This jump offshore went much better than the previous, winds were from the ENE at 10-15 knots and the waves were about 4 ft in swell. Using a combination of winged genoa, spinnaker and ultimately for the overnight ran downwind jibing the main/genoa. A much happier crew, although the kids for the fun of it I guess elected to sleep on the floor of the salon again.

Georgetown for a place to be stuck for a week, was excellent. A nice small town feel with a restored water front district. They did a very nice Halloween party for kids as well with a large turn out.

We will spend this week poking about Beaufort, S.C., Hilton Head and Savannah. Ultimately with a good weather window we will jump down offshore again, either to Florida, or possibly to the Bahamas.

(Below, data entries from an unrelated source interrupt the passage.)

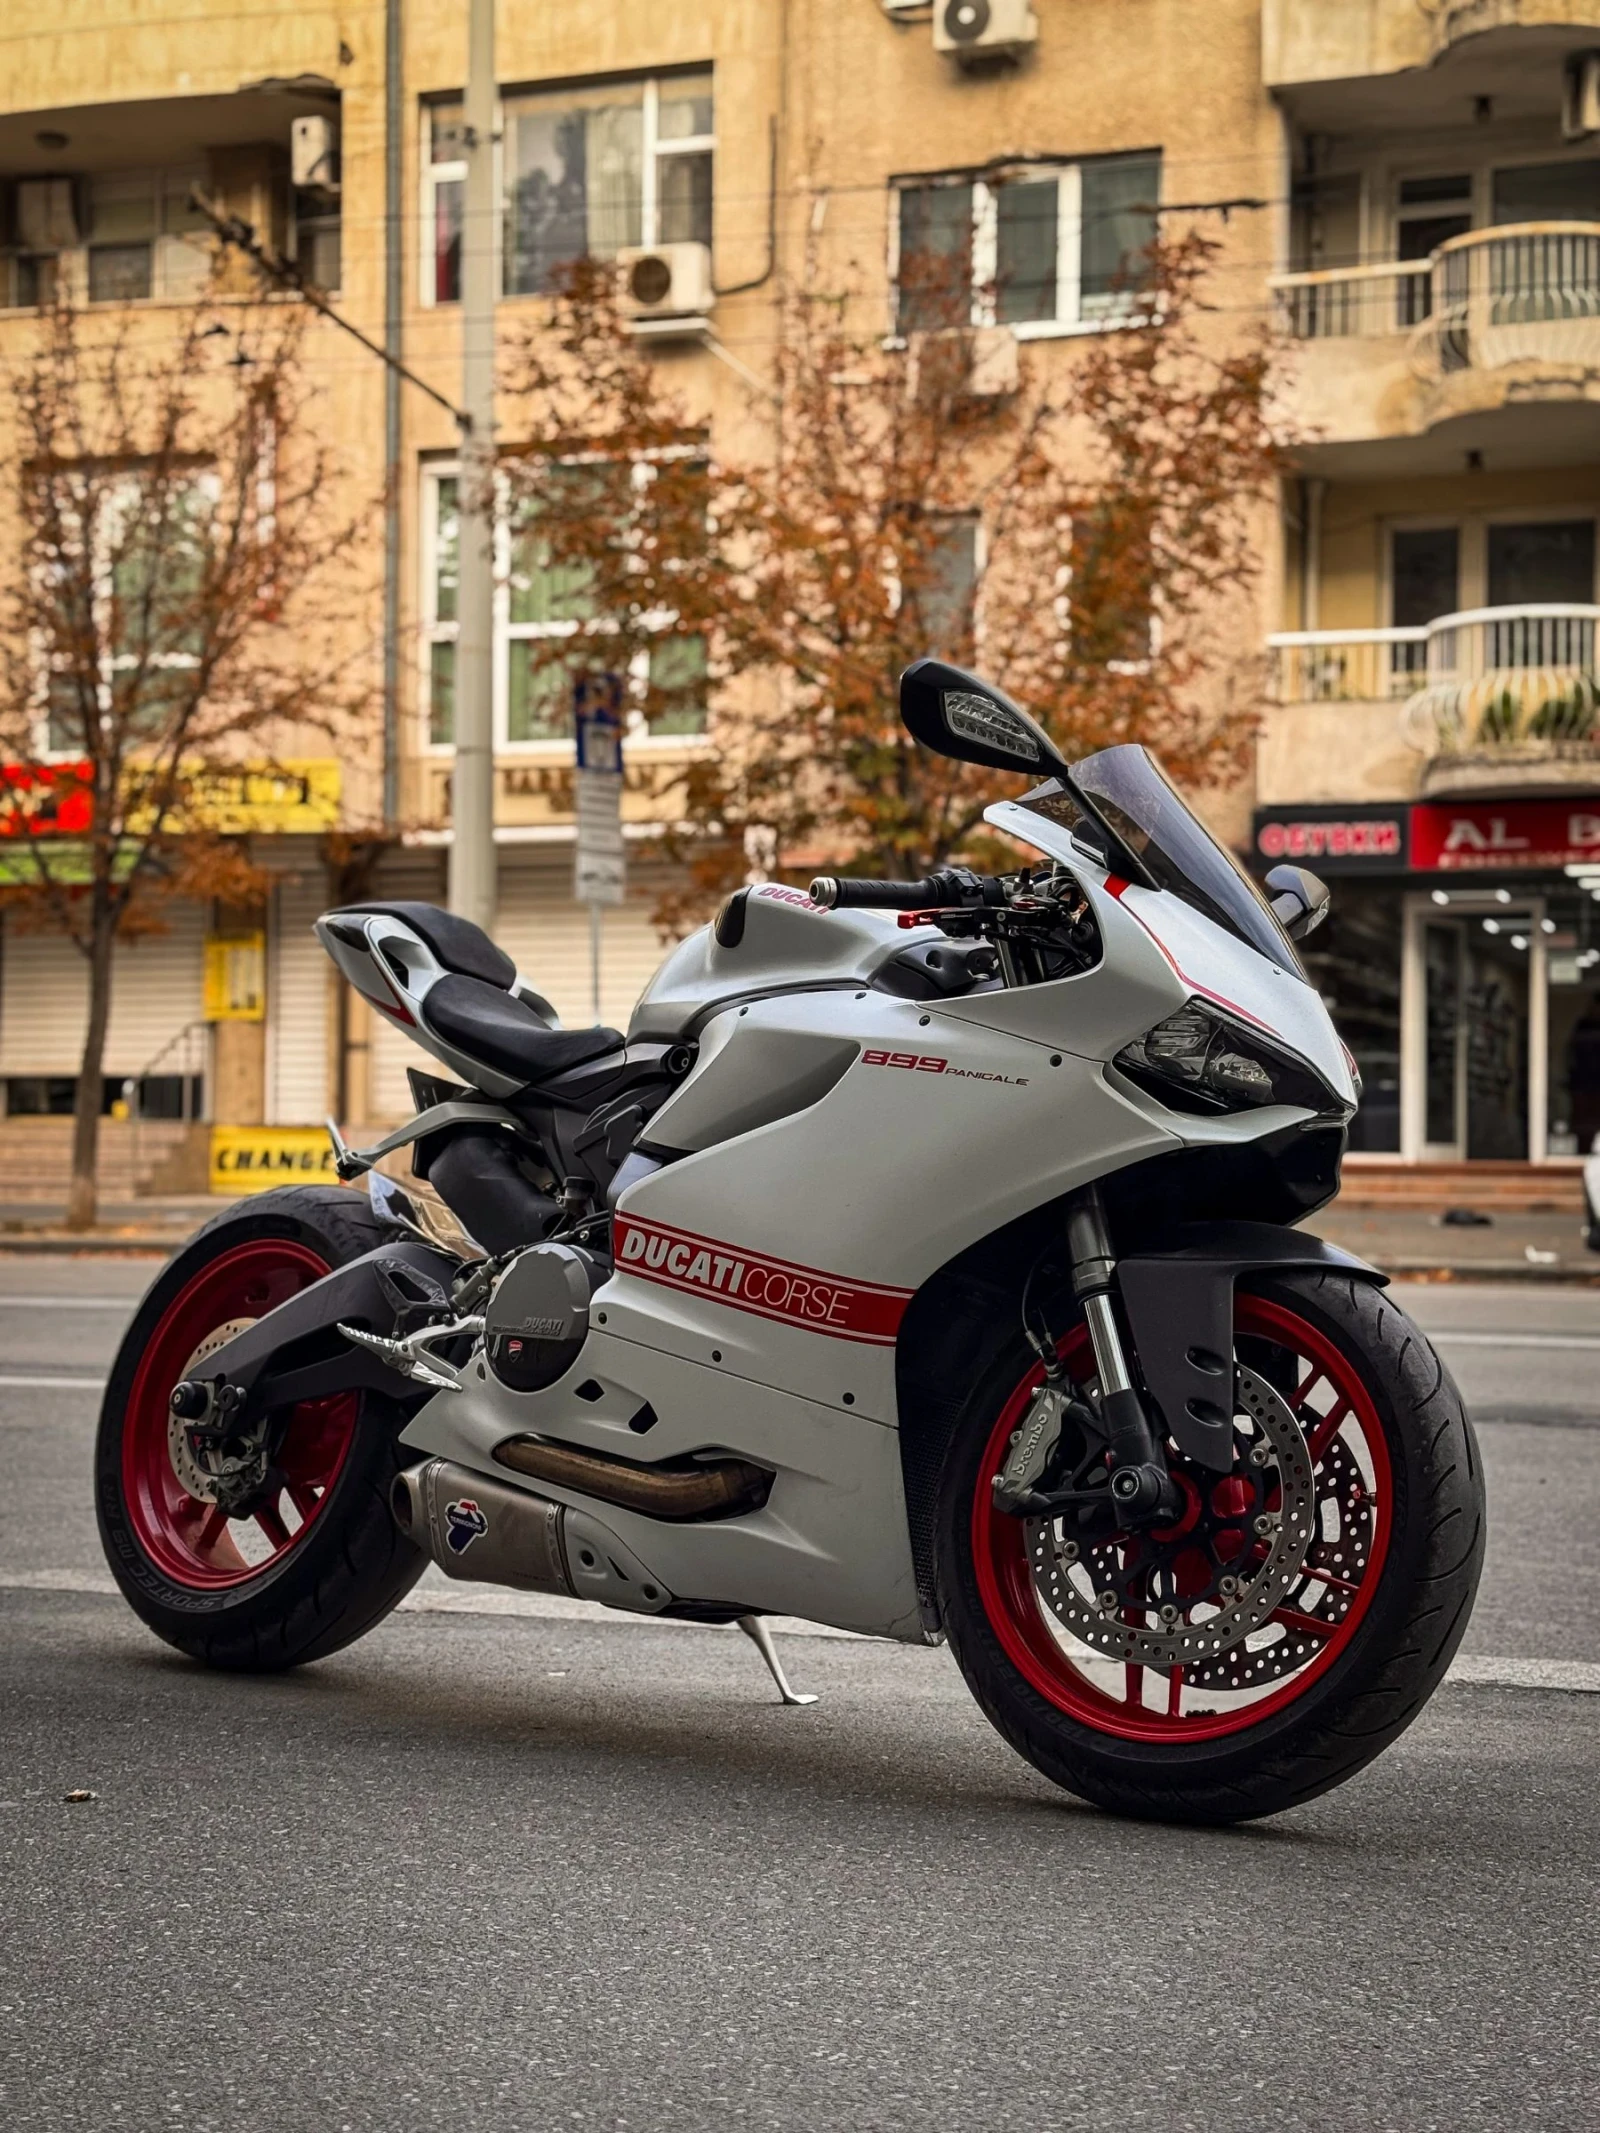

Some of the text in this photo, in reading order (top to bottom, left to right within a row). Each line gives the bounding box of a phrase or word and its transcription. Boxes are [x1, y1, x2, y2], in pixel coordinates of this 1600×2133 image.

[1258, 822, 1400, 857] ОБУВКИ
[1444, 818, 1530, 850] AL
[861, 1050, 1030, 1086] 899 PANIGALE
[217, 1150, 333, 1171] CHANGE
[621, 1229, 854, 1324] DUCATI CORSE
[525, 1316, 564, 1331] DUCATI
[1012, 1413, 1047, 1476] brembo
[129, 1567, 222, 1610] SPORTEC
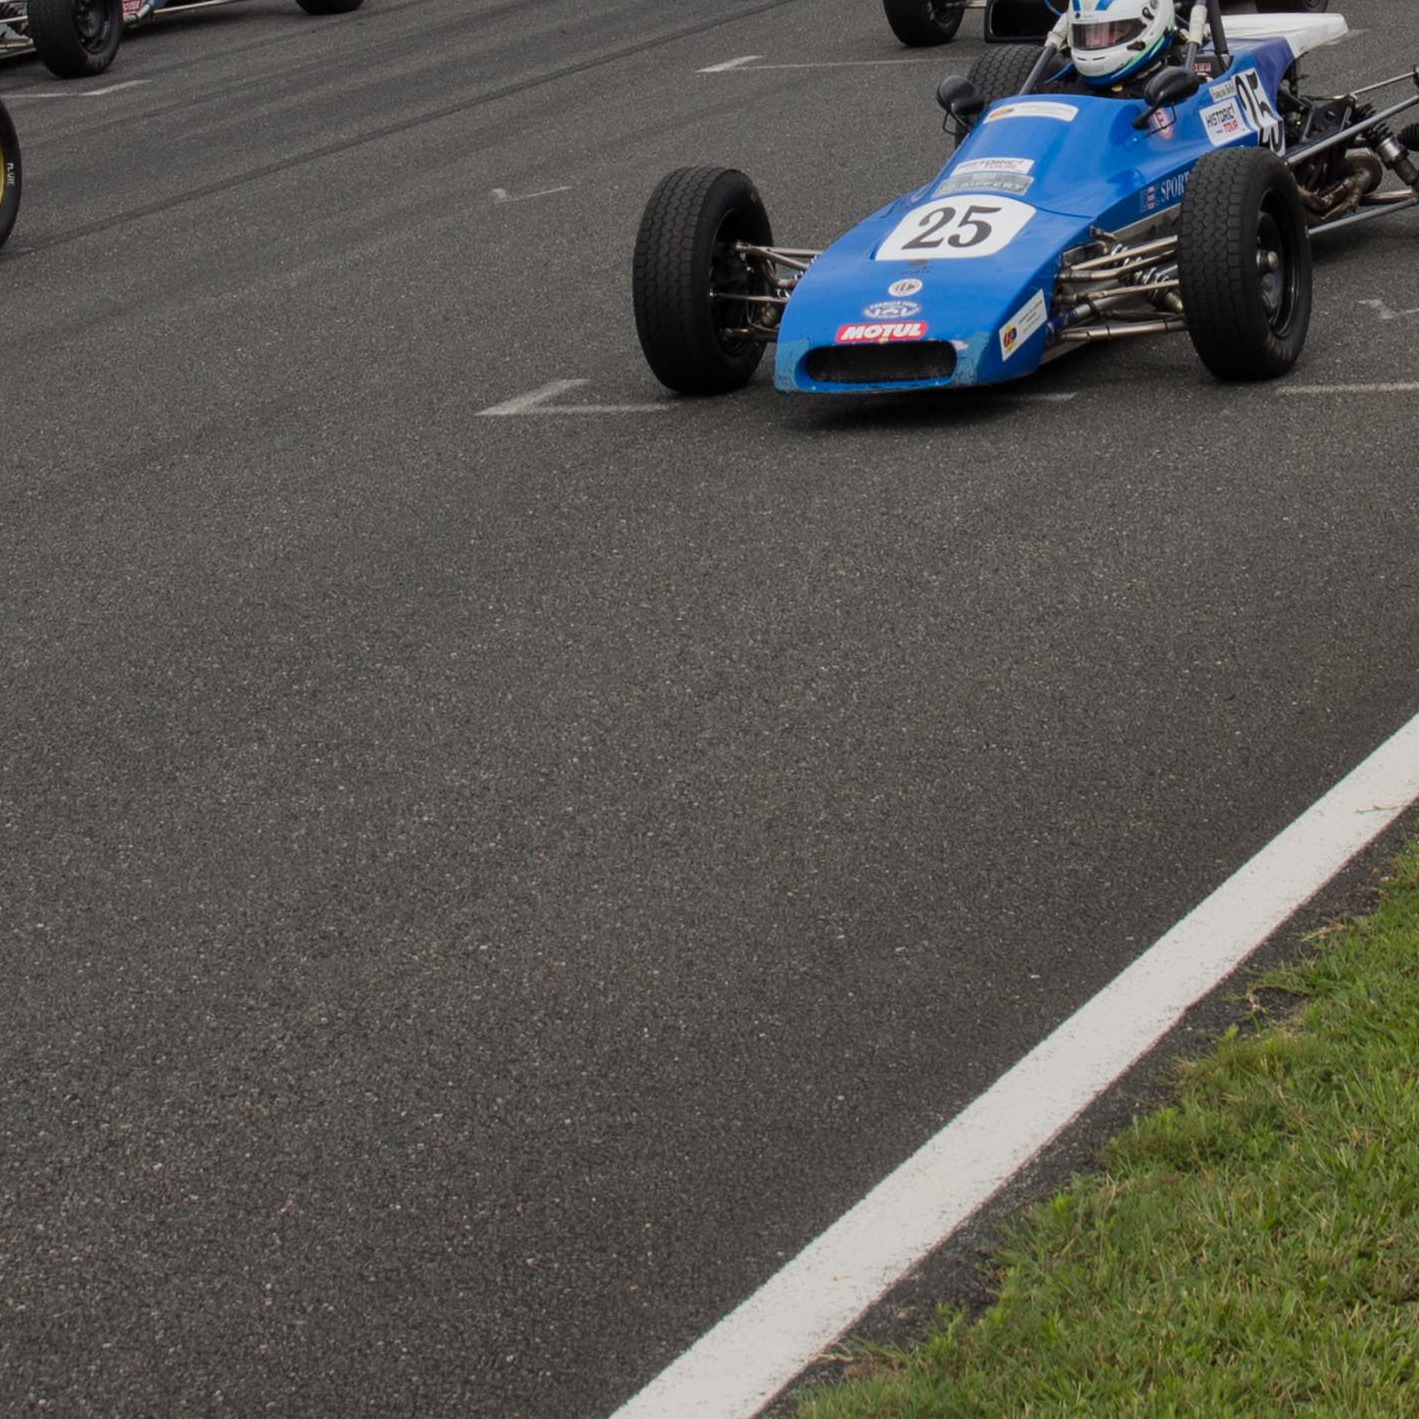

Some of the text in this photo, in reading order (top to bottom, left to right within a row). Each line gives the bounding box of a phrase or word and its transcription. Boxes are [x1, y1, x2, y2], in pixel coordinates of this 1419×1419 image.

[1234, 70, 1282, 153] 25
[901, 205, 1002, 250] 25
[841, 322, 922, 341] MOTUL

An Ode to Equipment - well one is fully versed in the latest saga, however, those dedicated readers will note that there was only one untested system, the water maker. While 3 weeks ago I gave it a shot. It leaked. Bad. The brine discharge which carries all of the waste non-potable water overboard from the water maker, which is a considerable quantity. The brine discharge hose is connected to a plastic fitting which is threaded and screwed into the metal housing of the water maker. When I noticed the leak, I let the water maker shut down, then tried to tighten it, with barely laying my hand on it, it came off entirely. Apparently during installation it had been over tightened and the plastic threads torn. Now laying in front of me was the inspection report from Hallberg Rassy stating that the unit ran without problems... hmm ... now I know from experience that when you strip threads as happened here - the actor knows it, therefore I can only suspect/conclude that the person doing the installation and the inspector chose to ignore this problem at Hallberg Rassy.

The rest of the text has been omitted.